Work order -
Repeat the entries below exactly and in full.

Record extracts -

*** Block opens ***

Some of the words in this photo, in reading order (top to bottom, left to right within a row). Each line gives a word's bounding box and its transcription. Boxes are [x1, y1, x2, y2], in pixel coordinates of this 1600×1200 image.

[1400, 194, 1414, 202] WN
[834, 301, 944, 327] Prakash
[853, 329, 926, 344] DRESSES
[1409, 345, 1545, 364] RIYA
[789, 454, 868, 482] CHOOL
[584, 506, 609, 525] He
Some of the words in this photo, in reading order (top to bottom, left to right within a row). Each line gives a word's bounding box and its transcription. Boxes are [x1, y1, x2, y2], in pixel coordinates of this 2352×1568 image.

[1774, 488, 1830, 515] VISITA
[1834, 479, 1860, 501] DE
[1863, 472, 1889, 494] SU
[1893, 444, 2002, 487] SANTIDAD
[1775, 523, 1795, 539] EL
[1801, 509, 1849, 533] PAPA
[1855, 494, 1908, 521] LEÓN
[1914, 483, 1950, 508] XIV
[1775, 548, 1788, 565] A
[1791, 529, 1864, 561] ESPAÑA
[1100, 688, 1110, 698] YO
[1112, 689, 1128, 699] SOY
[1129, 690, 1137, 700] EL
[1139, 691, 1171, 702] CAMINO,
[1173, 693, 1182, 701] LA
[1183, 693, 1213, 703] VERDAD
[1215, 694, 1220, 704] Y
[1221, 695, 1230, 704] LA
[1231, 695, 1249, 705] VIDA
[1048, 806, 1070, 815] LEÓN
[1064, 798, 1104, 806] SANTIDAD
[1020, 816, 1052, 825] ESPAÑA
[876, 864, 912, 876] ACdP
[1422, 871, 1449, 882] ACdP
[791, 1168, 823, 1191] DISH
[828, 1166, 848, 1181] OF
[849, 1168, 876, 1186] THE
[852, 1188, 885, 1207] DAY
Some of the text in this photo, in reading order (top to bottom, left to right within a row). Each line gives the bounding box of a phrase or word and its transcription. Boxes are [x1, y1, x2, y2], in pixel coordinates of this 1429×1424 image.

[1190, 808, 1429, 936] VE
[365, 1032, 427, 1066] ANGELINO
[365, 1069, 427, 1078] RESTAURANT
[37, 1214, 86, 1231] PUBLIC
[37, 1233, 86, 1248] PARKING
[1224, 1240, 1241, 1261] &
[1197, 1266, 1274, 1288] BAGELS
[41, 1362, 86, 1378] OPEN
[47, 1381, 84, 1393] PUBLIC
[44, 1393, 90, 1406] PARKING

*** Block closes ***

Your solution -
Some of the words in this photo, in reading order (top to bottom, left to right within a row). Each line gives a word's bounding box and its transcription. Boxes are [x1, y1, x2, y2], in pixel coordinates of this 1600×1200 image.

[1400, 194, 1414, 202] WN
[834, 301, 944, 327] Prakash
[853, 329, 926, 344] DRESSES
[1409, 345, 1545, 364] RIYA
[789, 454, 868, 482] CHOOL
[584, 506, 609, 525] He
Some of the words in this photo, in reading order (top to bottom, left to right within a row). Each line gives a word's bounding box and its transcription. Boxes are [x1, y1, x2, y2], in pixel coordinates of this 2352×1568 image.

[1774, 488, 1830, 515] VISITA
[1834, 479, 1860, 501] DE
[1863, 472, 1889, 494] SU
[1893, 444, 2002, 487] SANTIDAD
[1775, 523, 1795, 539] EL
[1801, 509, 1849, 533] PAPA
[1855, 494, 1908, 521] LEÓN
[1914, 483, 1950, 508] XIV
[1775, 548, 1788, 565] A
[1791, 529, 1864, 561] ESPAÑA
[1100, 688, 1110, 698] YO
[1112, 689, 1128, 699] SOY
[1129, 690, 1137, 700] EL
[1139, 691, 1171, 702] CAMINO,
[1173, 693, 1182, 701] LA
[1183, 693, 1213, 703] VERDAD
[1215, 694, 1220, 704] Y
[1221, 695, 1230, 704] LA
[1231, 695, 1249, 705] VIDA
[1048, 806, 1070, 815] LEÓN
[1064, 798, 1104, 806] SANTIDAD
[1020, 816, 1052, 825] ESPAÑA
[876, 864, 912, 876] ACdP
[1422, 871, 1449, 882] ACdP
[791, 1168, 823, 1191] DISH
[828, 1166, 848, 1181] OF
[849, 1168, 876, 1186] THE
[852, 1188, 885, 1207] DAY
Some of the text in this photo, in reading order (top to bottom, left to right within a row). Each line gives the bounding box of a phrase or word and its transcription. Boxes are [x1, y1, x2, y2], in pixel coordinates of this 1429×1424 image.

[1190, 808, 1429, 936] VE
[365, 1032, 427, 1066] ANGELINO
[365, 1069, 427, 1078] RESTAURANT
[37, 1214, 86, 1231] PUBLIC
[37, 1233, 86, 1248] PARKING
[1224, 1240, 1241, 1261] &
[1197, 1266, 1274, 1288] BAGELS
[41, 1362, 86, 1378] OPEN
[47, 1381, 84, 1393] PUBLIC
[44, 1393, 90, 1406] PARKING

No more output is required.